Exciting news but I doubt it. The next Nintendo home console will be at least a year, if not two or three away. They might make an announcement but.... I really don't know. Only Nintendo actually do. I know it'll sell like hot-cakes anyway, but it's POSSIBLE that any such news could devastate the up-coming Zelda Skyward Sword (but please, don't let a million people reply saying that I'm wrong. It's just a possibility even though I know it's unlikely. You don't need to tell me).

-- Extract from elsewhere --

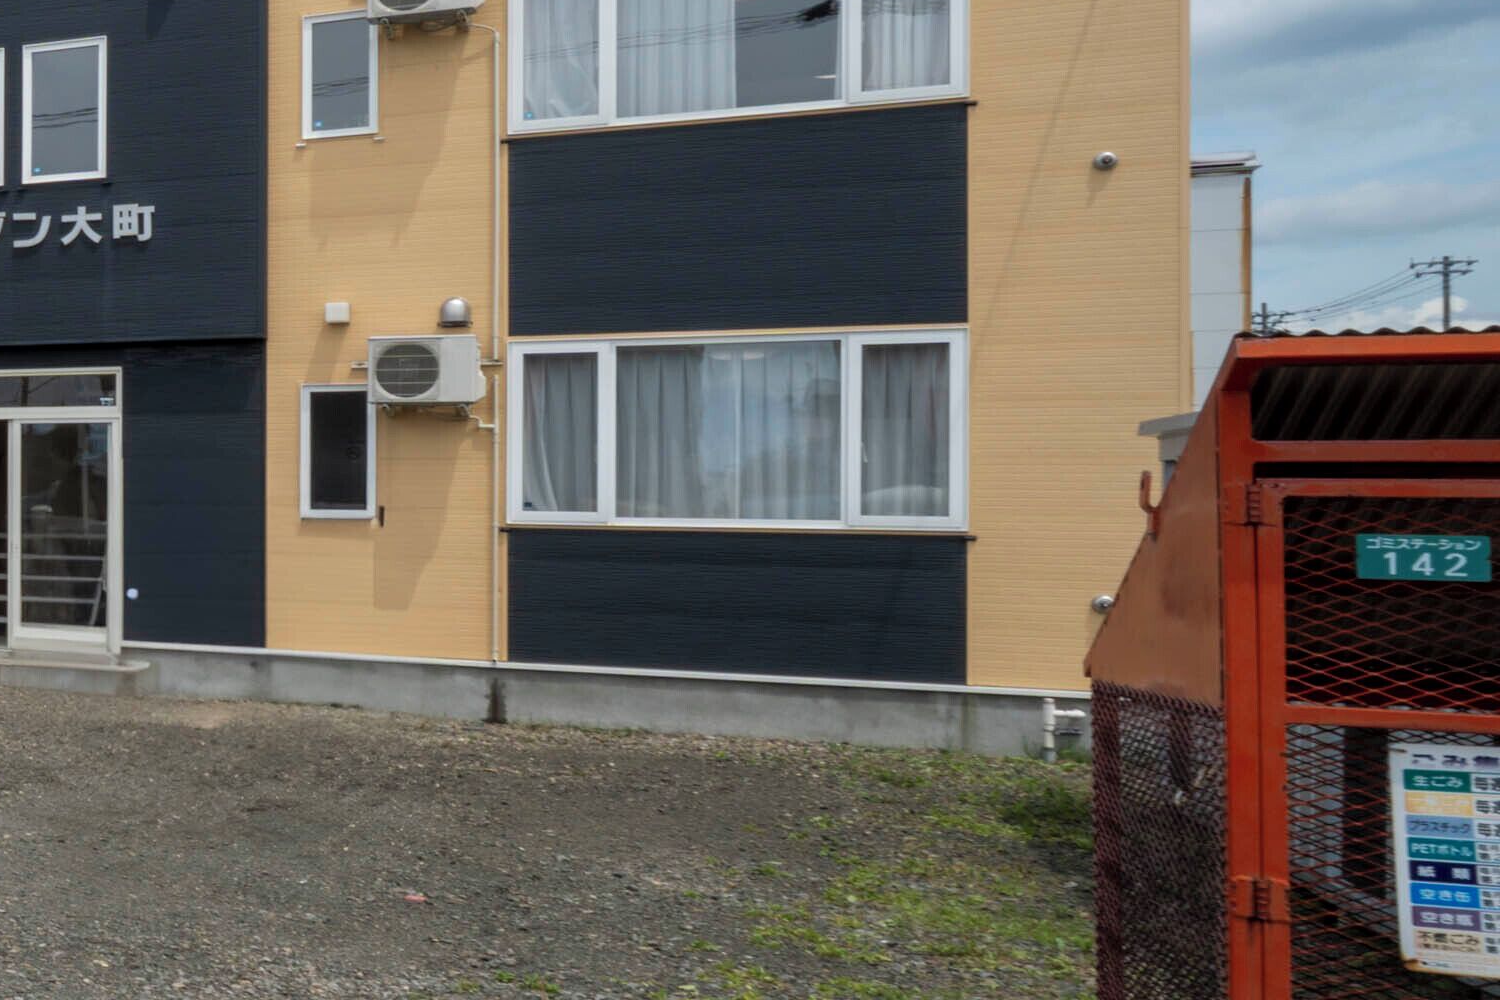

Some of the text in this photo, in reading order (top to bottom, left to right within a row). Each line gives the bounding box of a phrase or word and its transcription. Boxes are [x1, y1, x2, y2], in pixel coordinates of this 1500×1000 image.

[1366, 537, 1482, 550] ゴミステーション
[1383, 551, 1469, 577] 142
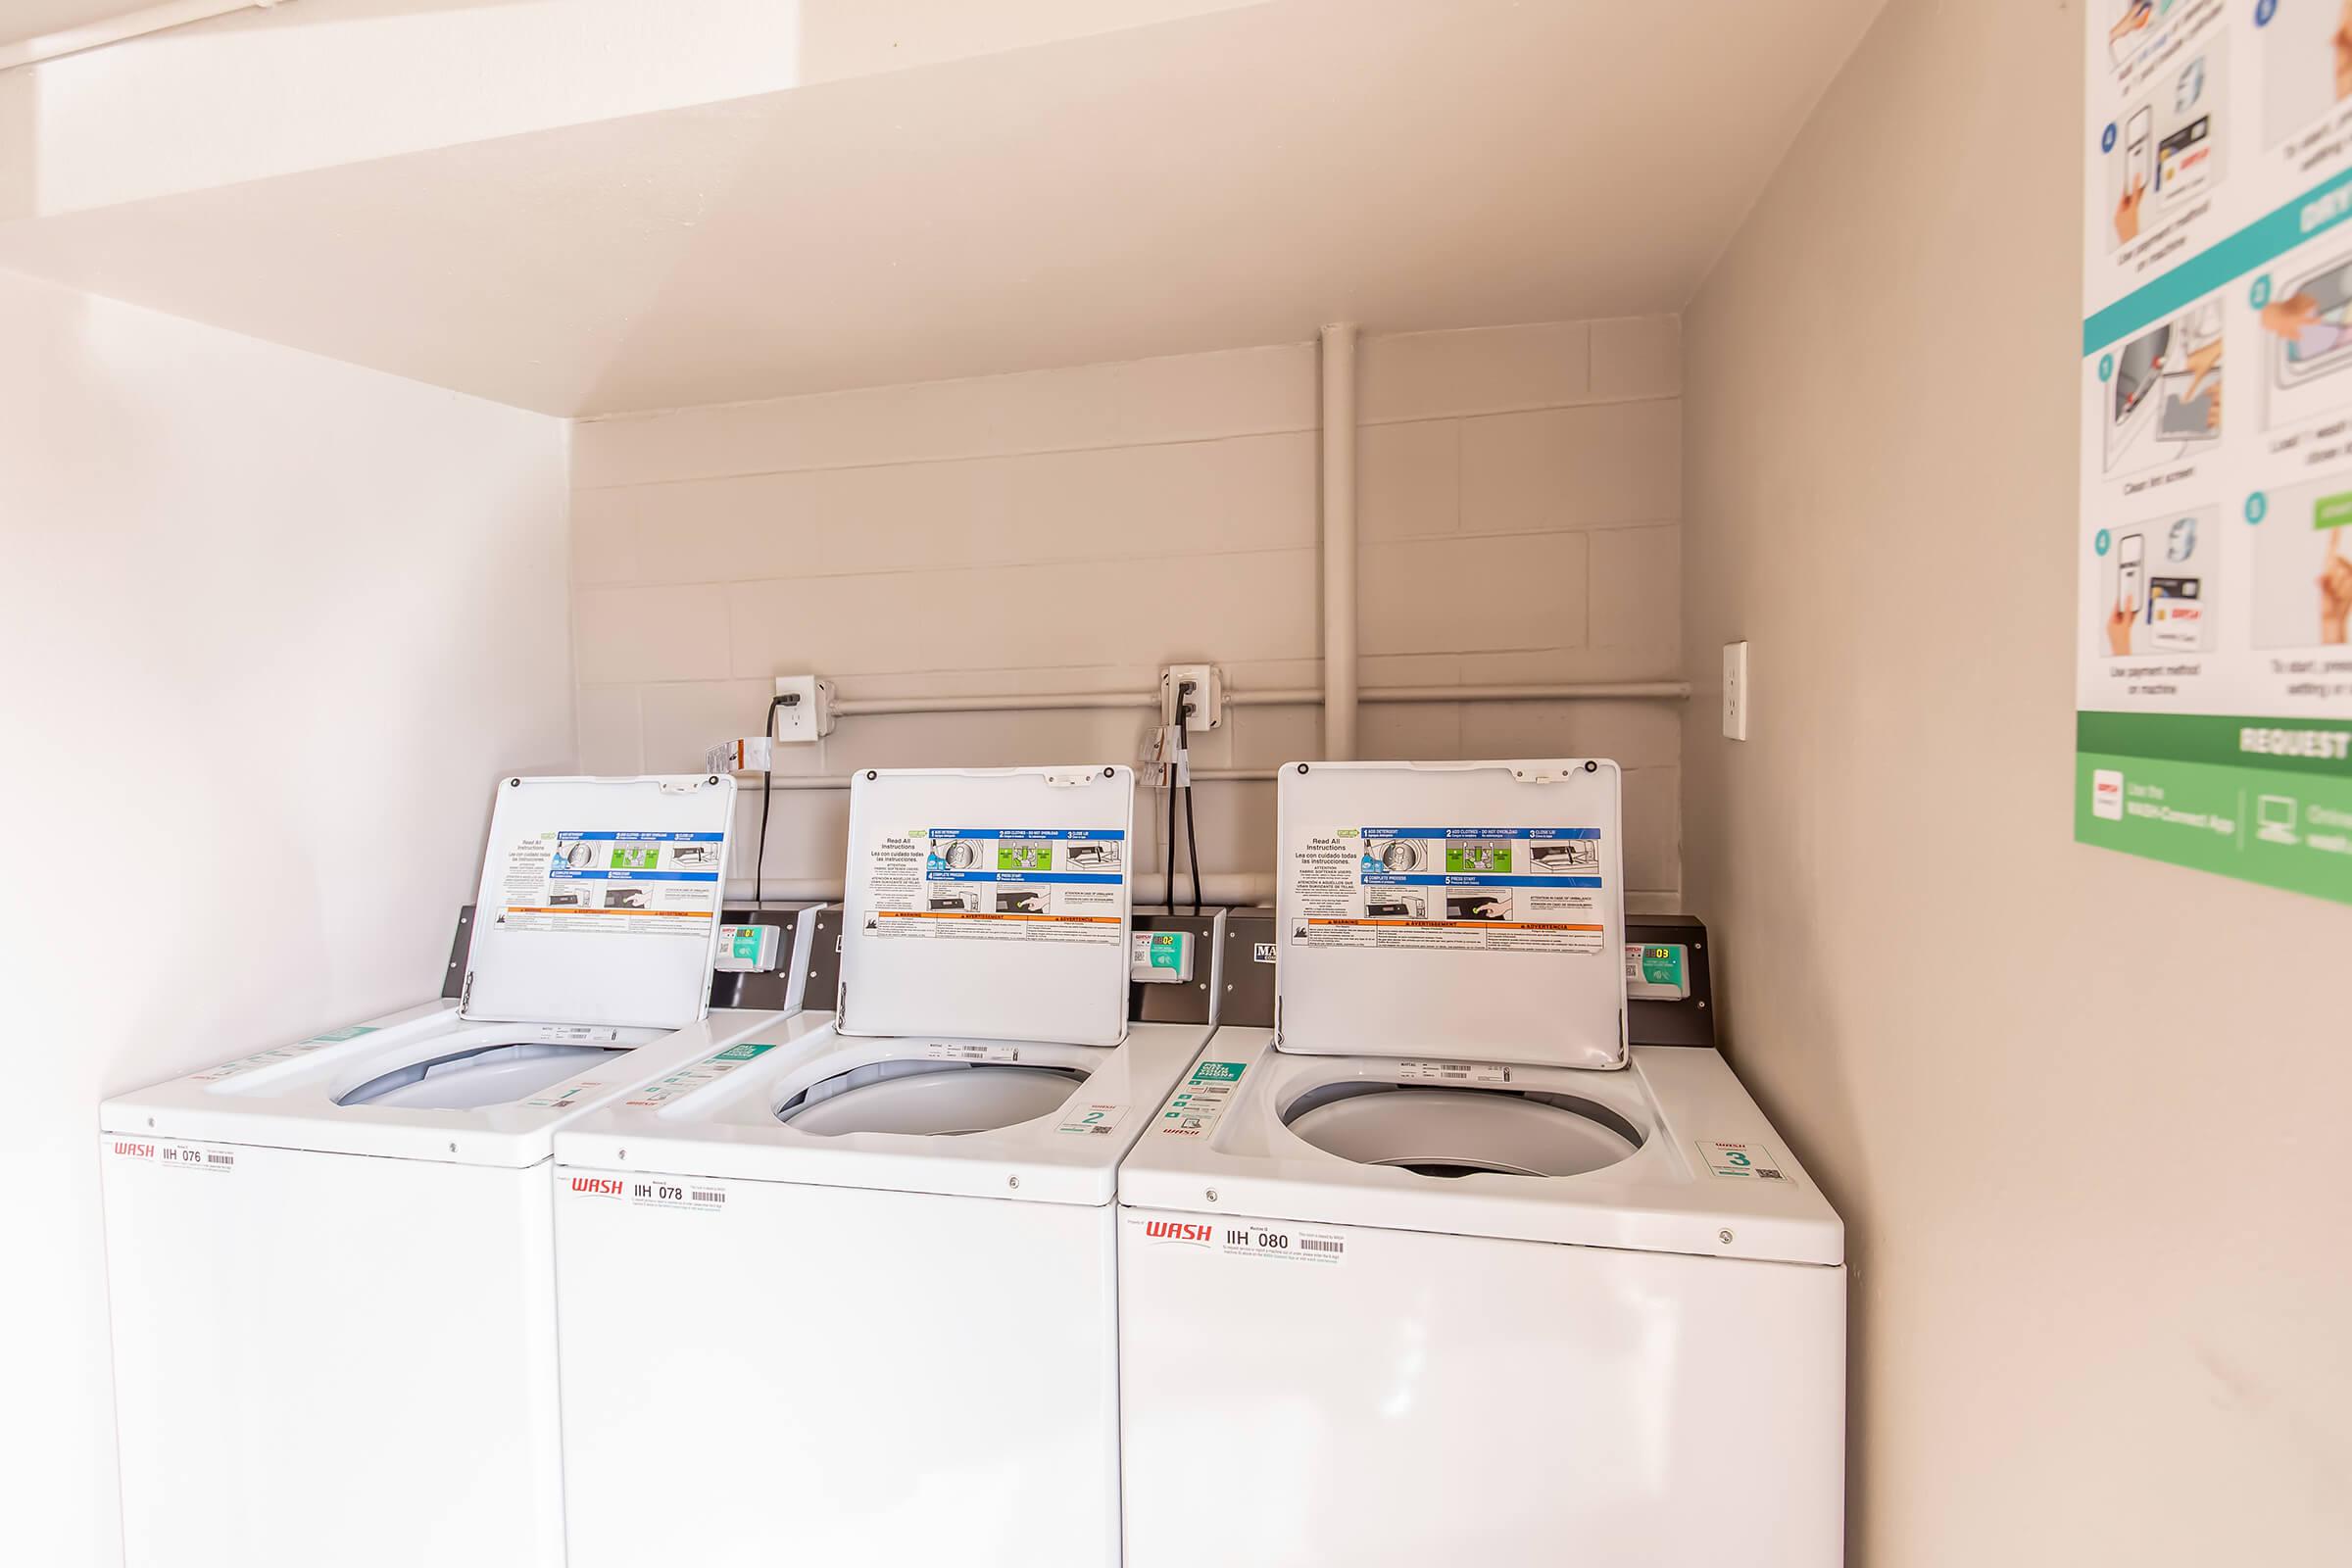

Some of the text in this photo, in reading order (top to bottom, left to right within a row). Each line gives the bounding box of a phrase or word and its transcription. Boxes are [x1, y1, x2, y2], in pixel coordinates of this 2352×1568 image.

On a side note, it'd be nice to move past the stupid PowerPC processor in the Wii. Even Apple finally understood that they needed to jump to Intel chipsets, and heck, since both the Gamecube and Wii have custom ATI GPUs, why don't Nintendo just strike a deal with AMD for CPUs as well? Don't tell me that that's complicated. I know. But it's possible. As far as I'm aware, AMD own ATI anyway. Or something like that. Not that I care. No one explain it to me. I don't care. I'm too tired to care.


----------



## Zorua (Apr 15, 2011)

FireGrey said:
			
		

> oh, so hyped for E3.
> I think that sony and microsoft might even want to compete quickly for the 8th gen  so it will be intresting to see so many new systems



No. 8th gen consoles should be announced at least after 2 years. I'm still playing my 360 and PS3.


----------



## Yuan (Apr 15, 2011)

Zorua said:
			
		

> FireGrey said:
> 
> 
> 
> ...



I don't want to burst your bubble. But I don't see anymore AAA's coming to PS3 after uncharted 3. Xbox 360 is already having a shortage of exclusives.


----------



## Zorua (Apr 15, 2011)

Yuan said:
			
		

> Zorua said:
> 
> 
> 
> ...



That's true but I really don't want to invest in new hardware. For all you know, the prices will be ridiculous.


----------



## Yuan (Apr 15, 2011)

Zorua said:
			
		

> Yuan said:
> 
> 
> 
> ...



Neither do I. But it is the sad reality


----------



## Erdnaxela (Apr 15, 2011)

If nintendo show their "Wii 2" "Gamecube 3" or whatever during E3, that might steal the show from Sony & Microsoft.
The gamecube's lifespan was 5 years, so those rumors may be true.


----------



## Cyan (Apr 15, 2011)

What I would like for a next gen, it a real next gen without backward compatibility.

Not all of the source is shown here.